Back to the pasta. I don’t have a pasta machine. I may well invest. Apart from great results and inner satisfaction, rolling your own pasta also provides you with a workout. Slightly out of breath (but no less happy), I made sure that I could see through the pasta before stopping. At this point, I spooned the filling onto the sheet of pasta at regular intervals. I used a pastry brush to wet all around the filling. This would act as glue when the top sheet was laid upon it.

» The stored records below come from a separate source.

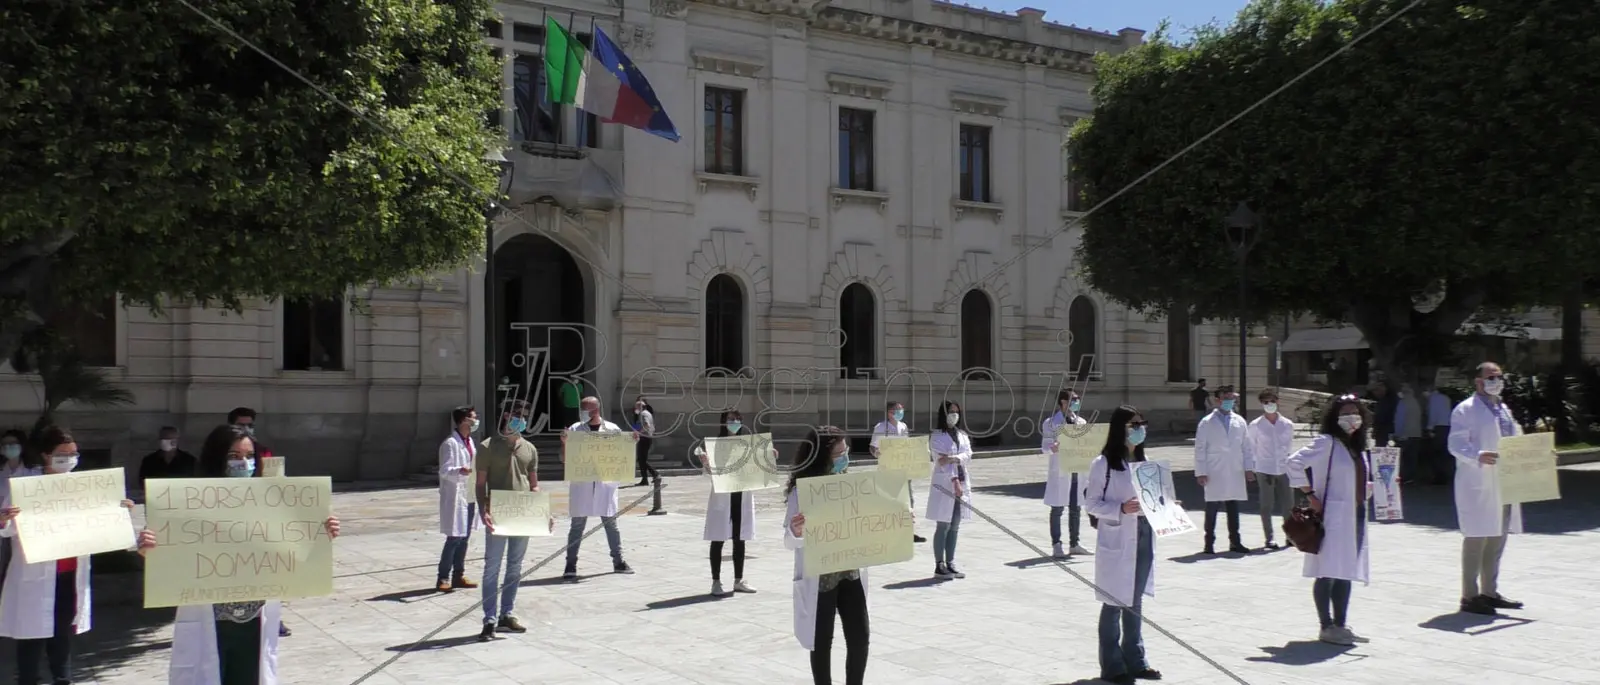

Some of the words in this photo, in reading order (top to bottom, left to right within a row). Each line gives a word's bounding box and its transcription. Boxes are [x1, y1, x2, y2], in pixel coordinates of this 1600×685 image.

[22, 481, 46, 498] LA
[49, 474, 117, 494] NOSTRA
[155, 486, 178, 511] 1
[184, 485, 258, 510] BORSA
[264, 484, 320, 508] OGGI
[809, 475, 877, 505] MEDICI
[32, 494, 111, 515] BATTAGLIA
[841, 500, 859, 518] IN
[157, 520, 178, 547] 1
[181, 519, 332, 545] SPECIALISTA
[805, 511, 912, 547] MOBILITAZIONE
[196, 550, 296, 579] DOMANI
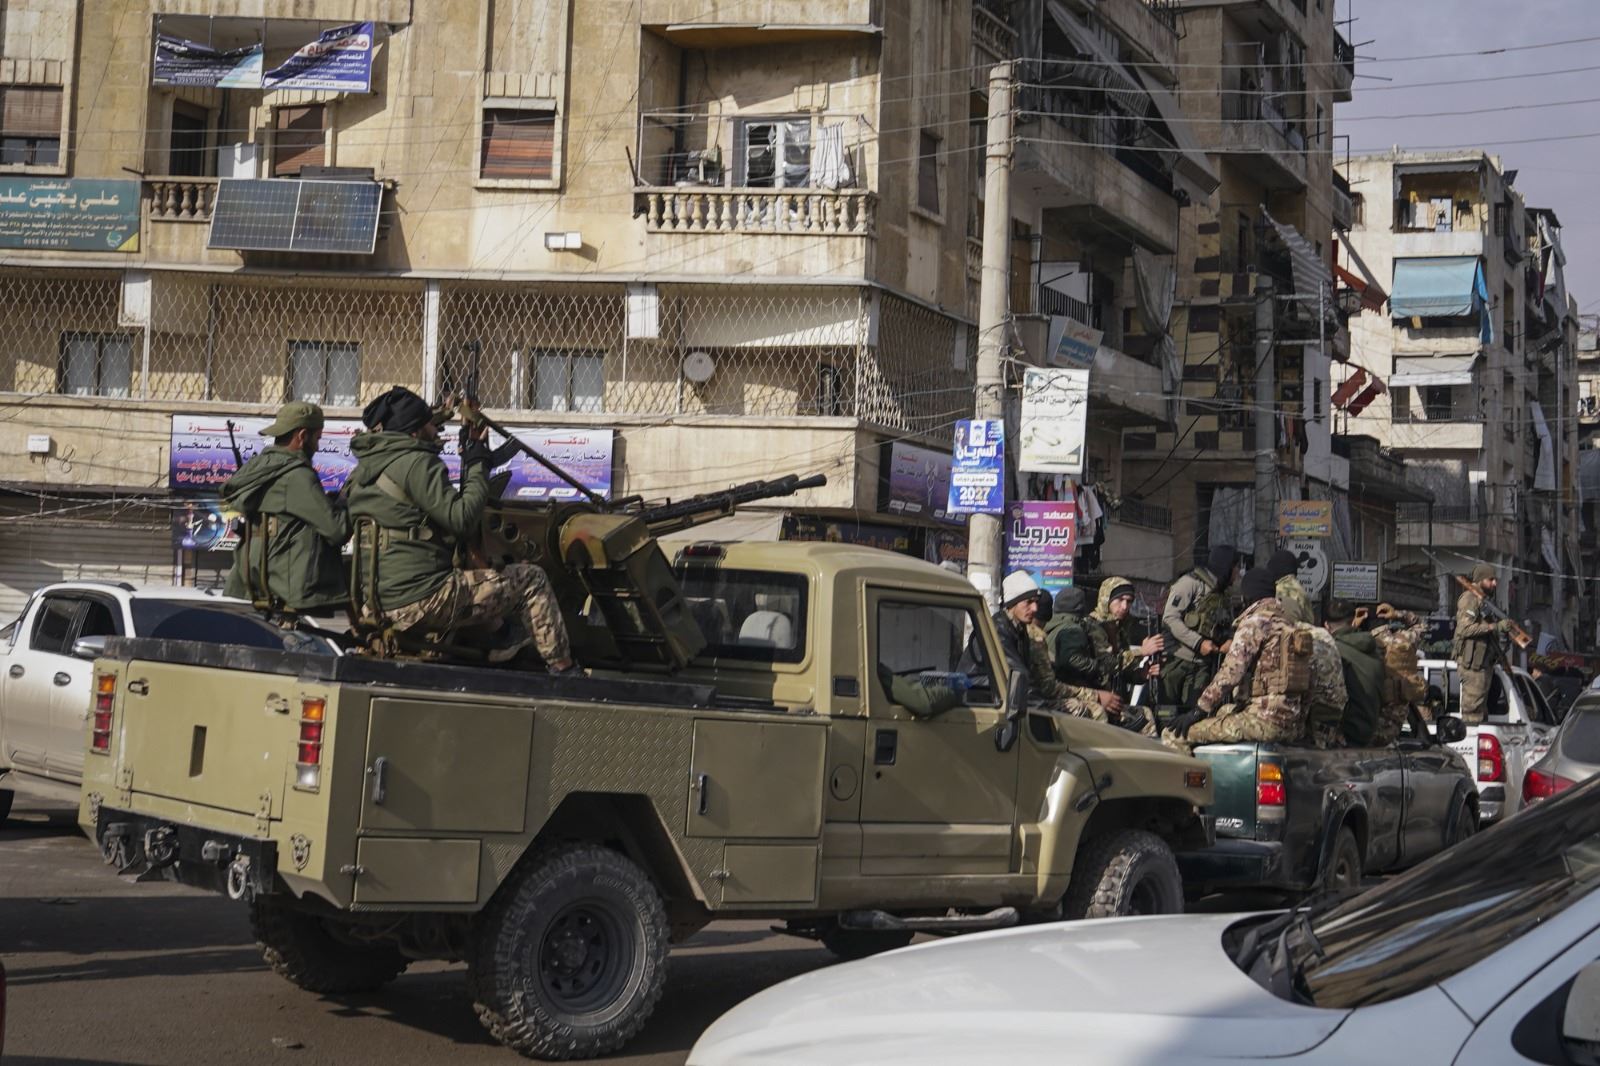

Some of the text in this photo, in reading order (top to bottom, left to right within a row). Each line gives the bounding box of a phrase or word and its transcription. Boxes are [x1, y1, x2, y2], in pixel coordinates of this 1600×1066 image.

[29, 180, 71, 191] الدكتور
[80, 189, 120, 211] علي
[543, 435, 590, 447] الدكتور
[956, 445, 997, 460] السريان
[959, 486, 990, 501] 2027
[1043, 511, 1074, 520] معهد
[1013, 519, 1070, 546] بيرويا

The hardest part was laying the top sheet over the filling and getting rid of all the air in between. This is where the water helped to bind the pasta. Pressing firmly around the filling, I pushed as much of the air out of the sides as possible. This would prevent the trapped air expanding in the pan and bursting the ravioli. Admittedly, as a novice, I hated this part of the process and was extremely relieved when it was accomplished. I hadn’t done a great job of shaping the pasta sheets into regular shapes. This made cutting a little tricky. All went well, though one thing I’ll remember for next time is to leave less pasta between the filling and the edge of the ravioli. Frightened of the ravioli not being secure, I left far too much pasta around the edges.
I started the sauce a few minutes before dropping the ravioli into a pan of boiling water. Loads of butter into a milk pan. Chopped fresh oregano and thyme straight into the foaming butter. Then the double cream with brisk stirring and a little salt and pepper. More butter if necessary and then a gentle simmer.

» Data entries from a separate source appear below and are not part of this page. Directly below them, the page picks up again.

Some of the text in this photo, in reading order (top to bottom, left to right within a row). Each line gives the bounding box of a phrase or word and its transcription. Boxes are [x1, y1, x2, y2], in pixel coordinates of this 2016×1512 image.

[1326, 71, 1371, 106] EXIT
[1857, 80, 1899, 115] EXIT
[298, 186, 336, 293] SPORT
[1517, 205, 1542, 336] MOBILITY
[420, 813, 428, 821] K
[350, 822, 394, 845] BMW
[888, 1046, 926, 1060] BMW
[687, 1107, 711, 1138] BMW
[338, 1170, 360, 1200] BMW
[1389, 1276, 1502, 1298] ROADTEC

The ravioli needs three or four minutes of cooking once it has risen to the surface of the water. In terms of taste, the flavours all worked well and the creamy sauce softened what is quite a bold pasta dish. In retrospect, I would serve two or three ravioli with this sauce as a starter. It was way too filling as a main. It’s a really distinctive dish and one that I’m proud of. It’s certainly a great way to enjoy Bury’s best in a unique format.